B.     Zakat Perusahaan
            Sebagian besar perusahaan saat ini dikelola tidak secara individu melainkan secara bersama-sama oleh sebuah lembaga atau organisasi dengan manajemen yang modern, misalnya PT, CV, Koperasi dan lain sebagainya. Para ahli ekonomi menyatakan bahwa saat ini komoditas yang dikelola perusahaan tidak terbatas pada komoditas tertentu yang konvensional, yang dilakukan dalam skala, wilayah dan level yang sempit. Bisnis yang dikelola perusahaan telah merambah berbagai bidang kehidupan, dalam skala dan wilayah yang sangat luas. Secara sederhana perusahaan ini dapat dikelompokkan menjadi tiga kategori : pertama perusahaan yang menghasilkan produk-produk tertentu, kedua perusahaan yang bergerak di bidang jasa, dan ketiga perusahaan yang bergerak di bidang keuangan[8].
            Landasan hukum dari zakat perusahaan adalah nash-nash yang bersifat umum, diantaranya : QS. Al-Baqarah : 267, At-Taubah : 103 dan beberapa Hadits Shahih.
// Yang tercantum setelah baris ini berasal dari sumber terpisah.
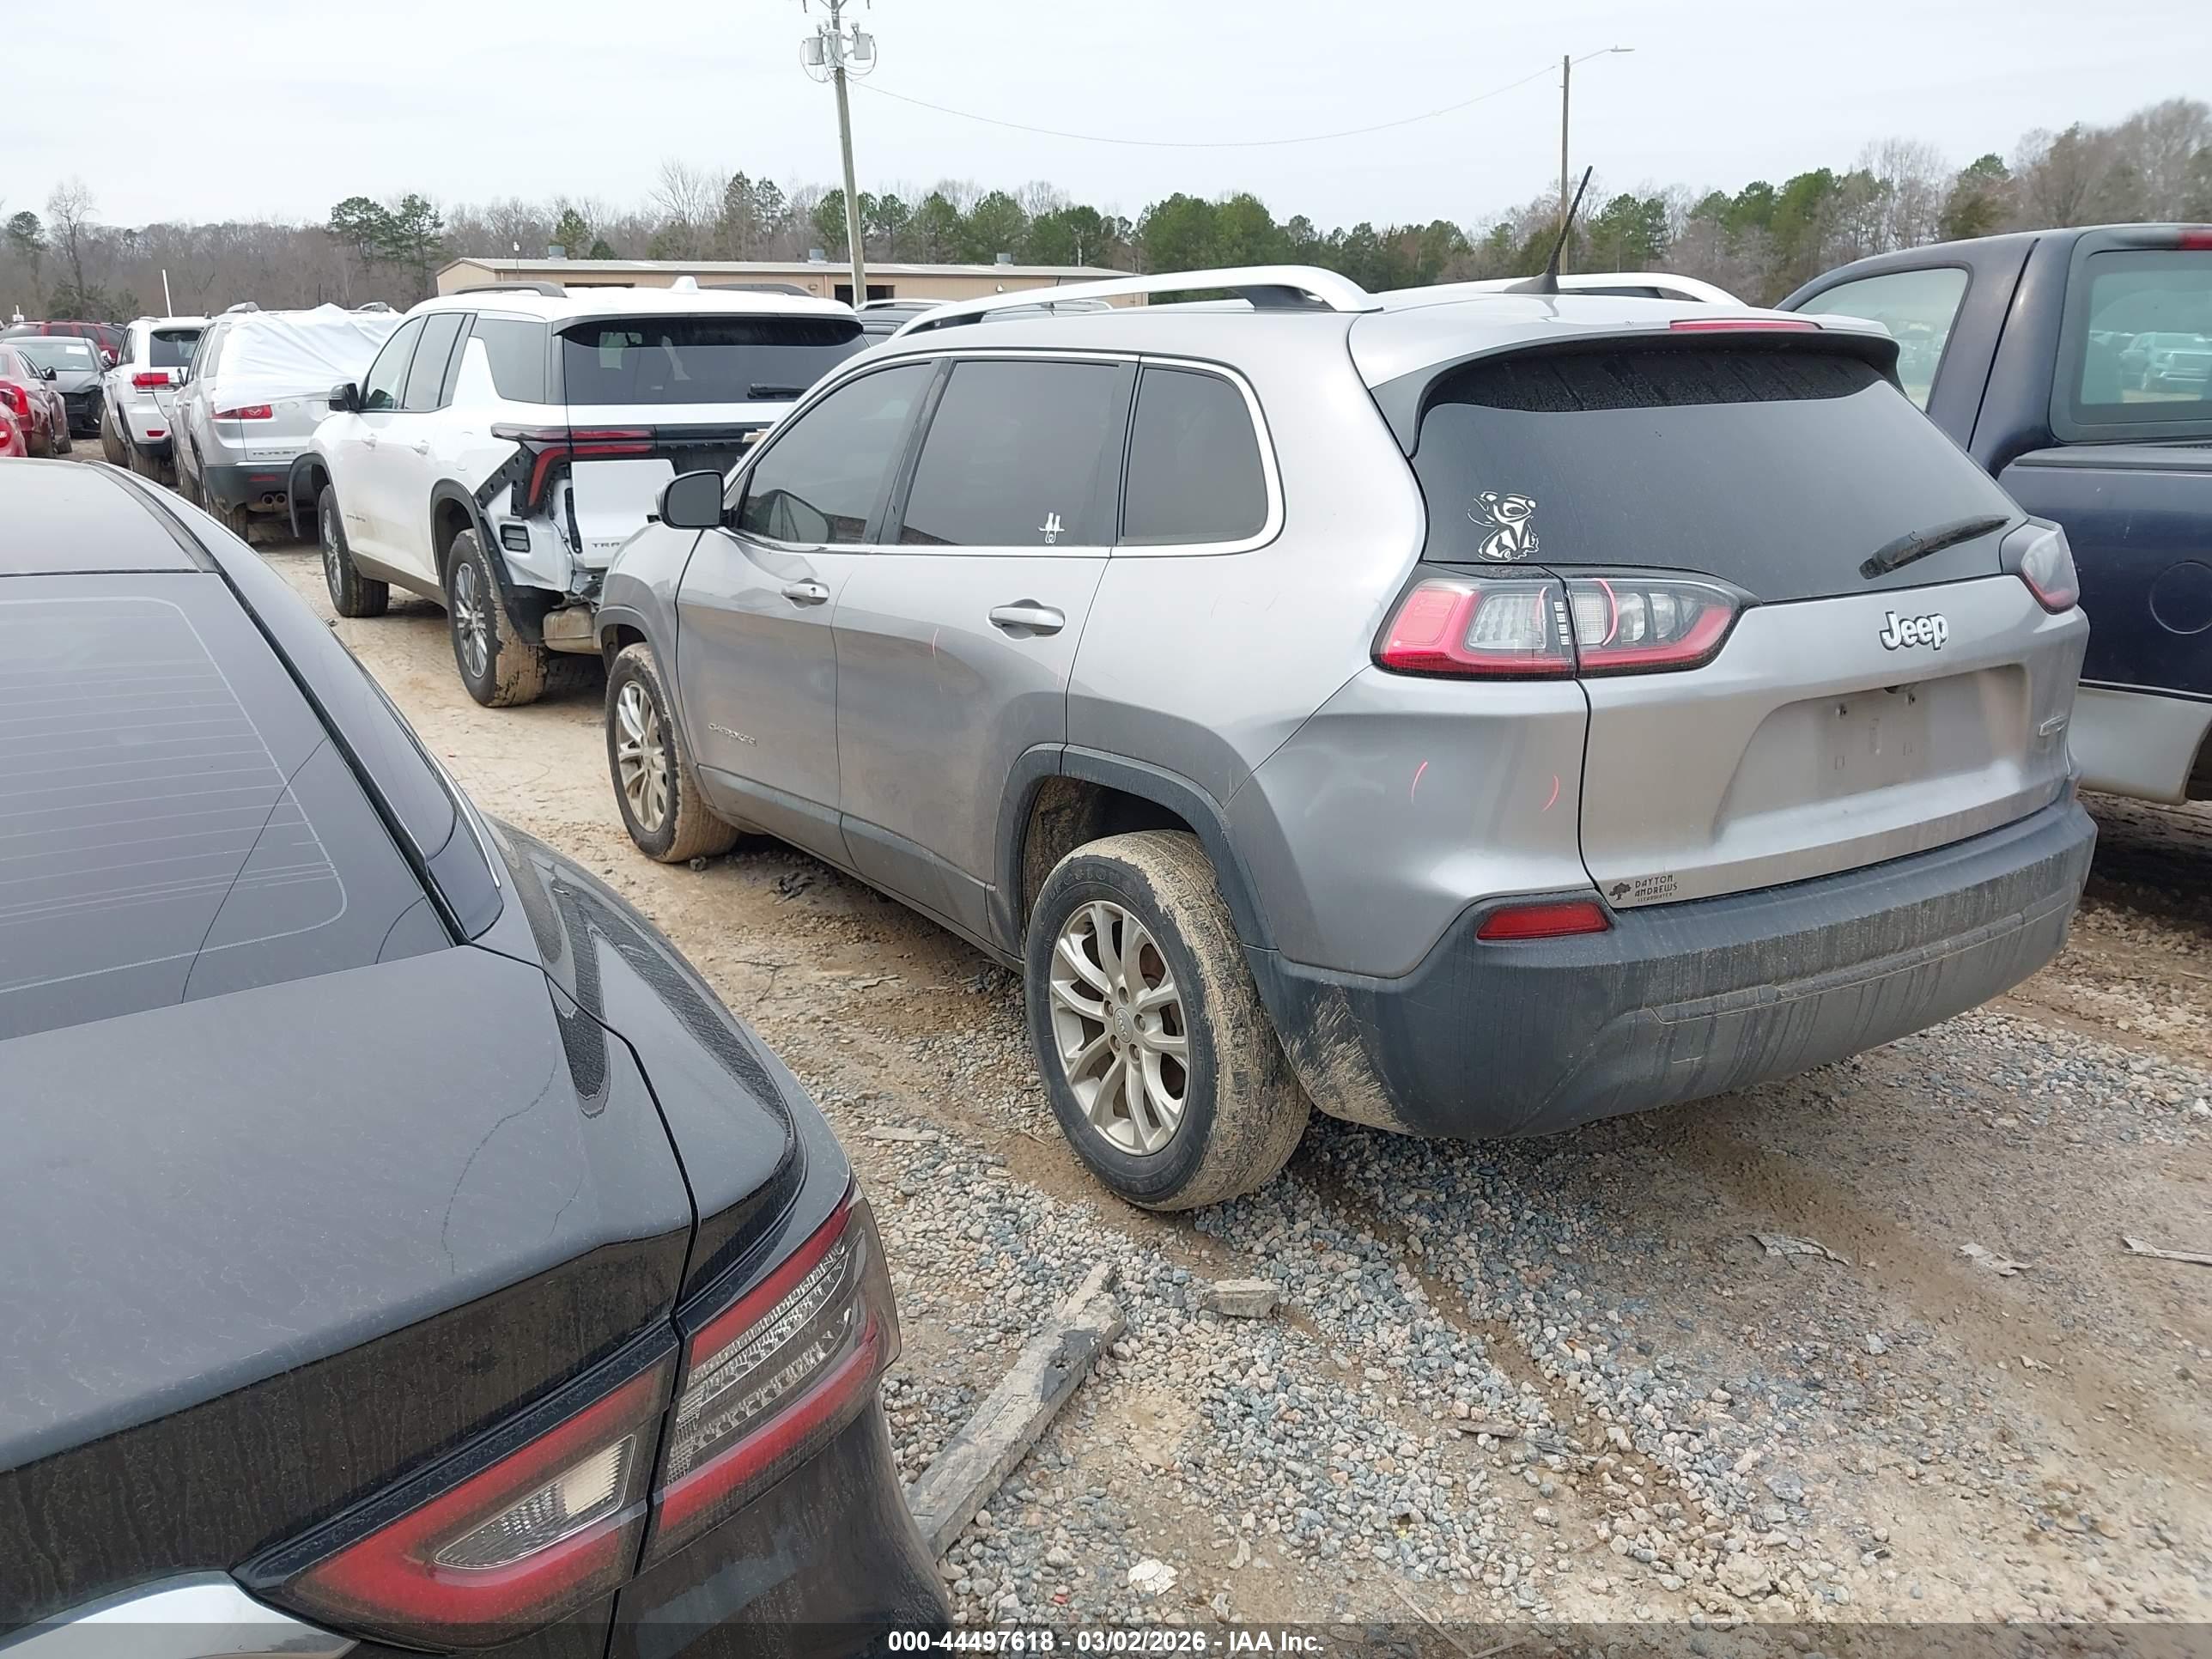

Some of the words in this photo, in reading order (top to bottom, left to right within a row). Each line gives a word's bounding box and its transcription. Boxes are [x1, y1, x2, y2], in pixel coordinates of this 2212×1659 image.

Nishab, Kadar dan Waktu Zakat Perusahaan
            Para Ulama dalam Konferensi Internasional Pertama tentang Zakat di Kuwait (29 Rajab 1404 H), menganalogikan zakat perusahaan kepada zakat perdagangan, karena dipandang dari aspek legal dan ekonomi, kegiatan sebuah perusahaan intinya adalah kegiatan perdagangan atau trading. Oleh karena itu secara umum pola penghitungan dan pembayaran zakat perusahaan sama dengan zakat perdagangan. Yaitu 2,5 %, dengan nishab 85 gram emas.
            Biasanya sebuah perusahaan memiliki harta dalam bentuk[9] :
1.      Harta dalam bentuk barang, baik yang berupa sarana dan prasarana, maupun yang berupa komoditas perdagangan.
2.      Harta dalam bentuk uang tunai, yang biasanya disimpan di bank.
3.      Harta dalam bentuk piutang.
            Dengan demikian harta perusahaan yang wajib zakatnya meliputi ketiga bentuk harta tersebut, dikurangi harta dalam bentuk sarana dan prasarana serta kewajiban mendesak lainnya, seperti hutang jatuh tempo. Pola penghitungan zakat perusahaan didasarkan pada laporan keuangan dengan mengurangi kewajiban atas aktiva lancar, atau seluruh harta (kecuali sarana dan prasarana) ditambah keuantungan dikurangi pembayaran hutang dan kewajiban lainnya, dan dikeluarkan 2,5 % sebagai zakatnya. Pendapat ini dikemukakan oleh Abu Ubaid dalam kitab Al-Amwaal.
            Sementara ada pendapat lain yang menyatakan bahwa zakat perusahaan hanya diambil dari keuntungan perusahaan saja[10].
            Nampaknya dengan keuntungan besar yang berhasil diraup oleh perusahaan-perusahaan khususnya yang bergerak di bidang transportasi, telekomunikasi dan tehnologi, maka zakat yang hanya 2,5 % dari kekayaan perusahaan, tidak relevan dengan realitas yang ada di masyarakat. Perlu semacam ijtihad untuk menaikkan prosentasi zakat perusahaan supaya lebih besar dari 2,5 %.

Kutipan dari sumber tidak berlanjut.